Diagnostic Standards for Dopaminergic Augmentation of Restless Legs Syndrome: Report from a World Association of Sleep Medicine - International Restless Legs Syndrome Study Group Consensus Conference at the Max Planck Institute

Philipps University of Marburg, Marburg, Hesse, Germany
Sleep Medicine (Impact Factor: 3.15). 09/2007; 8(5):520-30. DOI: 10.1016/j.sleep.2007.03.022
Source: PubMed


Augmentation of symptom severity is the main complication of dopaminergic treatment of restless legs syndrome (RLS). The current article reports on the considerations of augmentation that were made during a European Restless Legs Syndrome Study Group (EURLSSG)-sponsored Consensus Conference in April 2006 at the Max Planck Institute (MPI) in Munich, Germany, the conclusions of which were endorsed by the International RLS Study Group (IRLSSG) and the World Association of Sleep Medicine (WASM). The Consensus Conference sought to develop a better understanding of augmentation and generate a better operational definition for its clinical identification.
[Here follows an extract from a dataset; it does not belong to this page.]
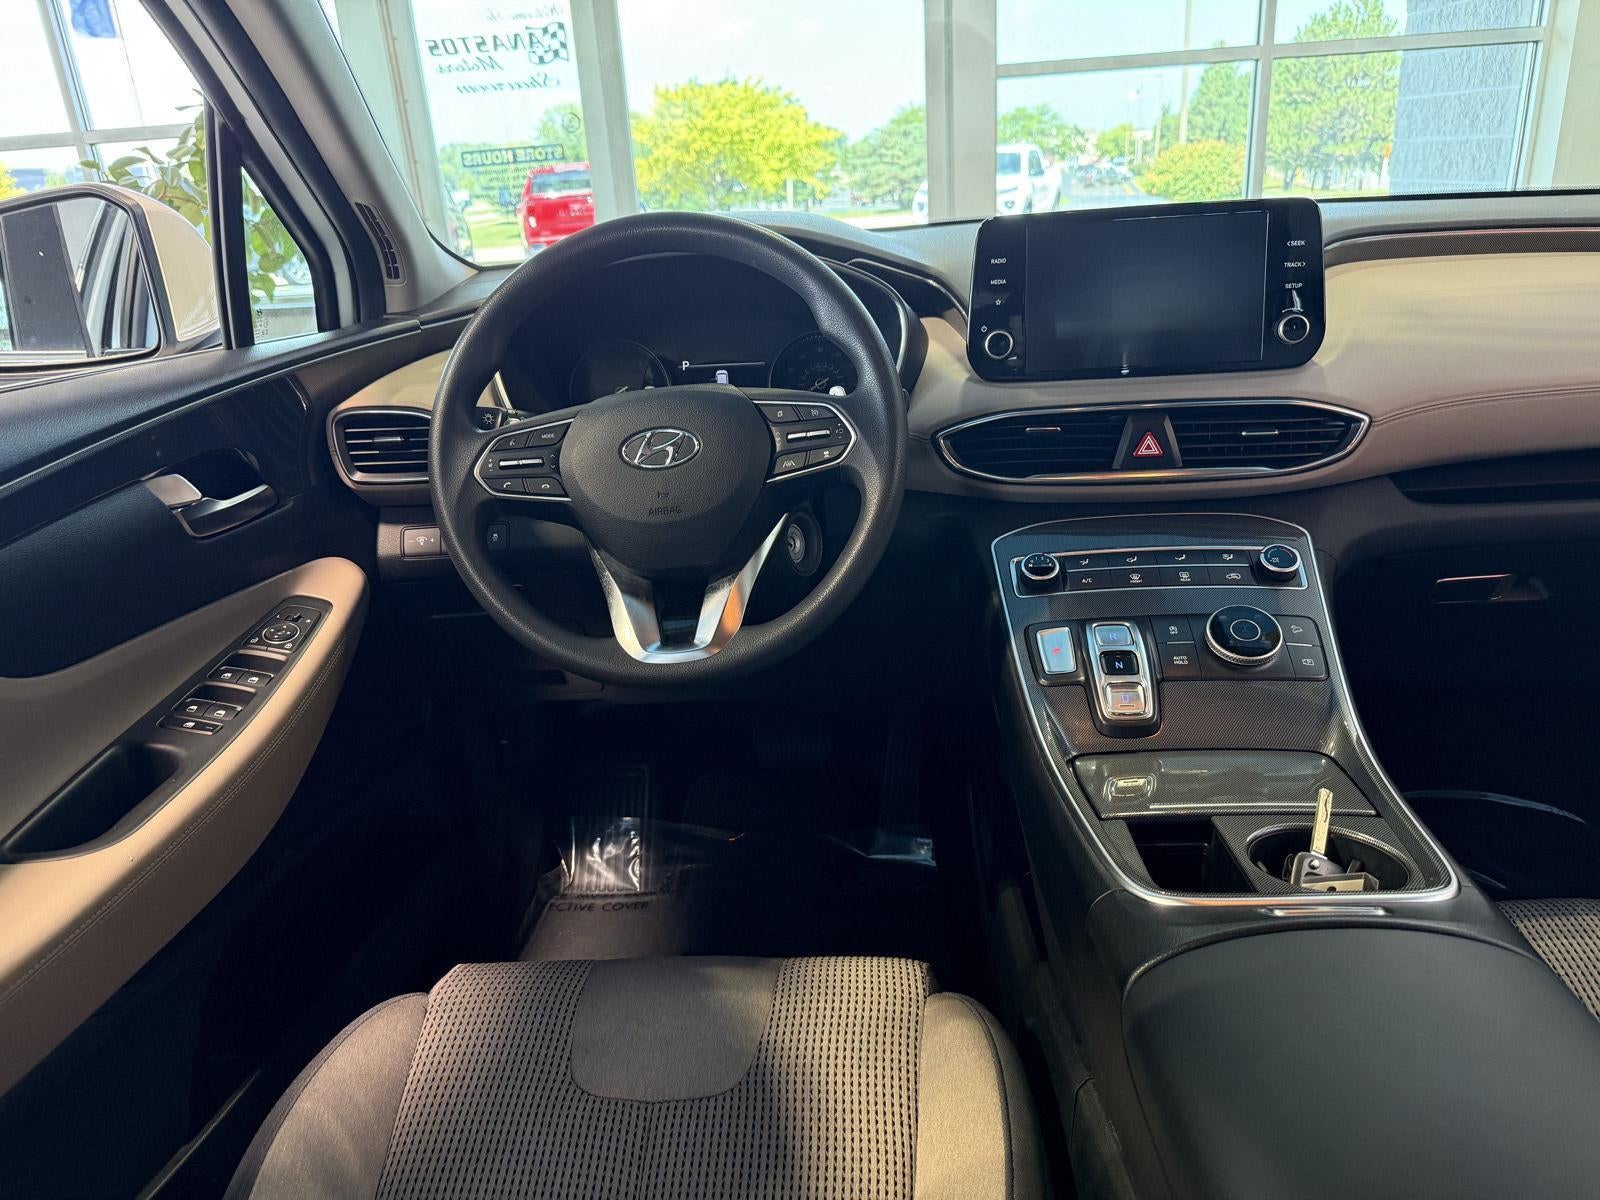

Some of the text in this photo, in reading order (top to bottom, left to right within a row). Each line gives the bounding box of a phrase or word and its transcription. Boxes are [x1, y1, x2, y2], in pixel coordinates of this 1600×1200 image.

Current concepts of the pathophysiology, clinical features, and therapy of RLS augmentation were evaluated by subgroups who presented a summary of their findings for general consideration and discussion. Recent data indicating sensitivity and specificity of augmentation features for identification of augmentation were also evaluated. The diagnostic criteria of augmentation developed at the National Institutes of Health (NIH) conference in 2002 were reviewed in light of current data and theoretical understanding of augmentation. The diagnostic value and criteria for each of the accepted features of augmentation were considered by the group. A consensus was then developed for a revised statement of the diagnostic criteria for augmentation.
Five major diagnostic features of augmentation were identified: usual time of RLS symptom onset each day, number of body parts with RLS symptoms, latency to symptoms at rest, severity of the symptoms when they occur, and effects of dopaminergic medication on symptoms. The quantitative data available relating the time of RLS onset and the presence of other features indicated optimal augmentation criteria of either a 4-h advance in usual starting time for RLS symptoms or a combination of the occurrence of other features. A paradoxical response to changes in medication dose also indicates augmentation. Clinical significance of augmentation is defined.
The Consensus Conference agreed upon new operational criteria for the clinical diagnosis of RLS augmentation: the MPI diagnostic criteria for augmentation. Areas needing further consideration for validating these criteria and for understanding the underlying biology of RLS augmentation are indicated.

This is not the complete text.